- _PROBLEM DETAILS_:
Transcribe the records word for word, leaving nothing out.

- _Records from a collection_:
------------------------
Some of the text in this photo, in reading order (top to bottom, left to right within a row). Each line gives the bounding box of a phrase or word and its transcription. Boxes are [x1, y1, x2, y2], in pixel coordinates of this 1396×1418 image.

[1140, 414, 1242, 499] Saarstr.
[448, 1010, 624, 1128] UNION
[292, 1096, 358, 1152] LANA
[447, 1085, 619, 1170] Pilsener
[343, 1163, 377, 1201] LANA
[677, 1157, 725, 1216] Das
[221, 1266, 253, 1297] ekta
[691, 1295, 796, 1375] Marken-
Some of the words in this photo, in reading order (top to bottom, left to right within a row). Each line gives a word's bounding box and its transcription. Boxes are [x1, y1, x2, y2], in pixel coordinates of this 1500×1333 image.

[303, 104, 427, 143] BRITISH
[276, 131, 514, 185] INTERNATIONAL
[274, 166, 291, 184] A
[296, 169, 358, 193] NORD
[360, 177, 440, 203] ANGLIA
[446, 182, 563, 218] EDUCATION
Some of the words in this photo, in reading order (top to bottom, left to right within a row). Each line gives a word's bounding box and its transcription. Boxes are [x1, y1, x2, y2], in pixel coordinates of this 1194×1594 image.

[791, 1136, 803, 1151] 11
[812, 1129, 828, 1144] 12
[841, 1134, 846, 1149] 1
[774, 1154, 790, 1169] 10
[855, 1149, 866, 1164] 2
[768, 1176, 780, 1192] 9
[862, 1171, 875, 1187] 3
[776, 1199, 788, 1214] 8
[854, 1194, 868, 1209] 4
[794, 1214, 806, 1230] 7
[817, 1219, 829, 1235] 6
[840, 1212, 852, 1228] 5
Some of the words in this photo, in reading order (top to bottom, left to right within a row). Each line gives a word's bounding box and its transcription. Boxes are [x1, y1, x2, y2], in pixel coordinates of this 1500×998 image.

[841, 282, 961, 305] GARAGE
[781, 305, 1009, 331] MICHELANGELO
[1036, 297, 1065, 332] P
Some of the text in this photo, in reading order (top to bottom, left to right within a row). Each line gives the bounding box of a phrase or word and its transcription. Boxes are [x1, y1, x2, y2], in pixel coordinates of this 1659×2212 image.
------------------------
- _RESULT_:
Some of the text in this photo, in reading order (top to bottom, left to right within a row). Each line gives the bounding box of a phrase or word and its transcription. Boxes are [x1, y1, x2, y2], in pixel coordinates of this 1396×1418 image.

[1140, 414, 1242, 499] Saarstr.
[448, 1010, 624, 1128] UNION
[292, 1096, 358, 1152] LANA
[447, 1085, 619, 1170] Pilsener
[343, 1163, 377, 1201] LANA
[677, 1157, 725, 1216] Das
[221, 1266, 253, 1297] ekta
[691, 1295, 796, 1375] Marken-
Some of the words in this photo, in reading order (top to bottom, left to right within a row). Each line gives a word's bounding box and its transcription. Boxes are [x1, y1, x2, y2], in pixel coordinates of this 1500×1333 image.

[303, 104, 427, 143] BRITISH
[276, 131, 514, 185] INTERNATIONAL
[274, 166, 291, 184] A
[296, 169, 358, 193] NORD
[360, 177, 440, 203] ANGLIA
[446, 182, 563, 218] EDUCATION
Some of the words in this photo, in reading order (top to bottom, left to right within a row). Each line gives a word's bounding box and its transcription. Boxes are [x1, y1, x2, y2], in pixel coordinates of this 1194×1594 image.

[791, 1136, 803, 1151] 11
[812, 1129, 828, 1144] 12
[841, 1134, 846, 1149] 1
[774, 1154, 790, 1169] 10
[855, 1149, 866, 1164] 2
[768, 1176, 780, 1192] 9
[862, 1171, 875, 1187] 3
[776, 1199, 788, 1214] 8
[854, 1194, 868, 1209] 4
[794, 1214, 806, 1230] 7
[817, 1219, 829, 1235] 6
[840, 1212, 852, 1228] 5
Some of the words in this photo, in reading order (top to bottom, left to right within a row). Each line gives a word's bounding box and its transcription. Boxes are [x1, y1, x2, y2], in pixel coordinates of this 1500×998 image.

[841, 282, 961, 305] GARAGE
[781, 305, 1009, 331] MICHELANGELO
[1036, 297, 1065, 332] P
Some of the text in this photo, in reading order (top to bottom, left to right within a row). Each line gives the bounding box of a phrase or word and its transcription. Boxes are [x1, y1, x2, y2], in pixel coordinates of this 1659×2212 image.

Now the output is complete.